Ik verlangde naar slaap terwijl ik in bed lag, niet naar die lange, lange stilte die eindeloos voortduurde. Voor het eerst in mijn leven zonk ik niet onmiddellijk weg in dromenland zodra mijn hoofd het kussen raakte. Christopher verbrak de stilte en fluisterend bespraken we de situatie.

‘Het zal wel meevallen,’ zei hij zachtjes, zijn ogen vochtig en glanzend in het donker. ‘Die grootmoeder – ze kán niet zo gemeen zijn als ze lijkt.’

‘Wil je soms zeggen dat je haar een lief, oud dametje vindt?’

Hij grinnikte. ‘O jawel, zo lief als een boa constrictor.’

‘Ze is ontzettend groot.
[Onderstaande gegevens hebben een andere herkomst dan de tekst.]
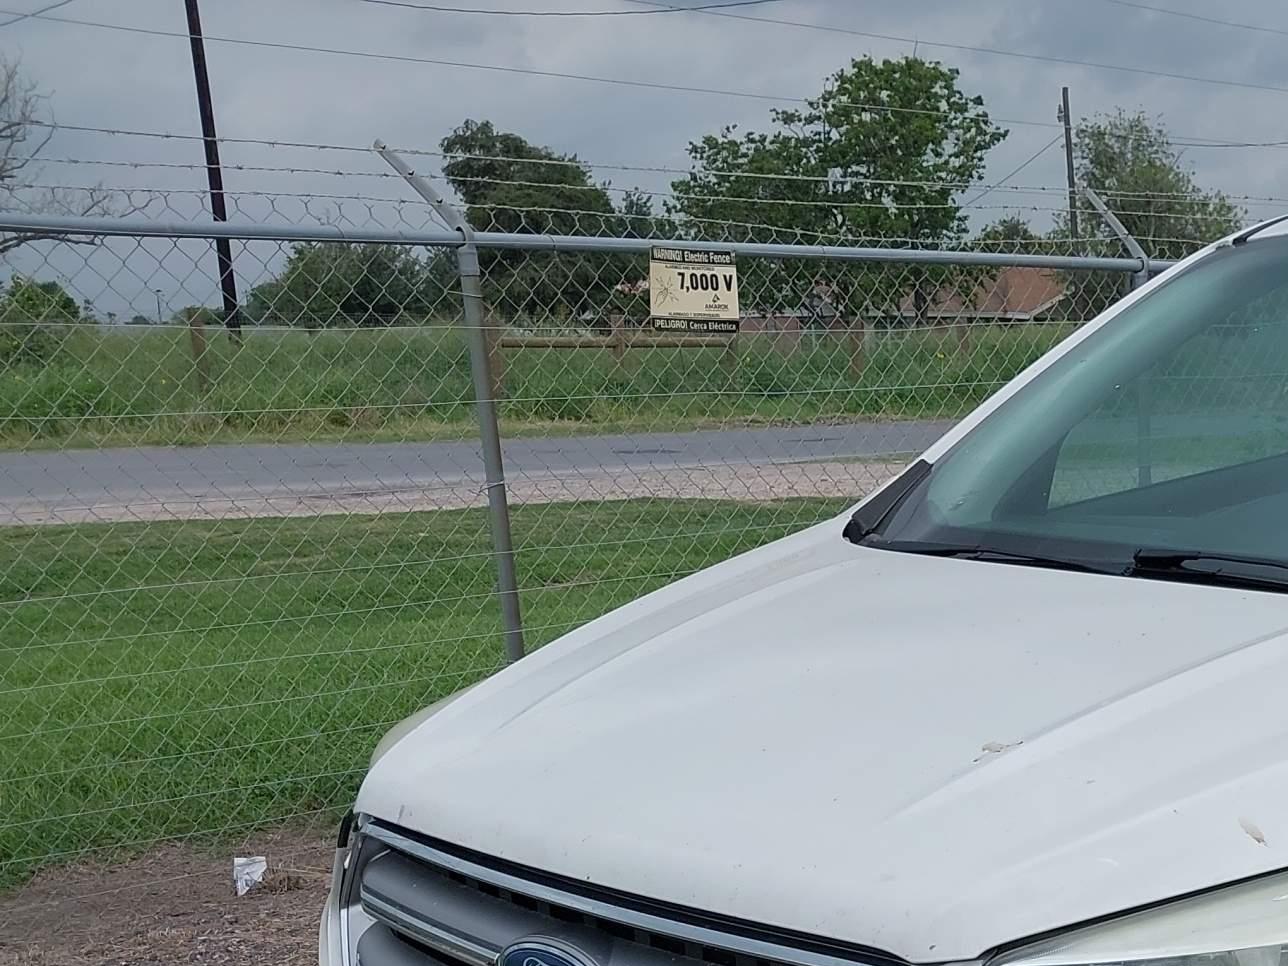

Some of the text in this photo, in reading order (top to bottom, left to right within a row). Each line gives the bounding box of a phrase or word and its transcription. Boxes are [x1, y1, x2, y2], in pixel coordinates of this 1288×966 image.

[684, 251, 709, 263] Electric
[710, 252, 731, 264] Fence
[677, 271, 733, 293] 7,000 V
[689, 321, 707, 330] Cerca
[708, 320, 737, 331] Eléctrica
Hoe lang denk je dat ze is?’

‘Moeilijk te zeggen. Eén meter tachtig misschien, en tweehonderd pond.’

‘Meer dan twee meter! Vijfhonderd pond!’

‘Cathy, je moet één ding leren – overdrijf niet altijd zo! Maak van een mug geen olifant. Je moet de situatie nuchter onder ogen zien en beseffen dat dit gewoon een kamer is in een groot huis, niets angstaanjagends. We moeten hier één nacht slapen, voordat mamma terugkomt.’

‘Christopher, heb je gehoord wat grootmoeder zei over die halfoom? Begreep jij wat ze bedoelde?’

‘Nee, maar mamma zal alles wel uitleggen. Ga nu slapen en bid maar. Meer kunnen we niet doen.’

Ik stapte meteen uit bed, liet me op mijn knieën vallen en vouwde mijn handen onder mijn kin. Ik kneep mijn ogen stijf dicht en bad, bad God dat hij mamma zou helpen zo charmant, ontwapenend en onweerstaanbaar mogelijk te zijn. ‘He God, alstublieft, laat grootvader niet zo akelig en gemeen zijn als zijn vrouw.’

Toen, vermoeid en overmand door de vele emoties, kroop ik weer onder de dekens, drukte Carrie stevig tegen me aan en viel in slaap.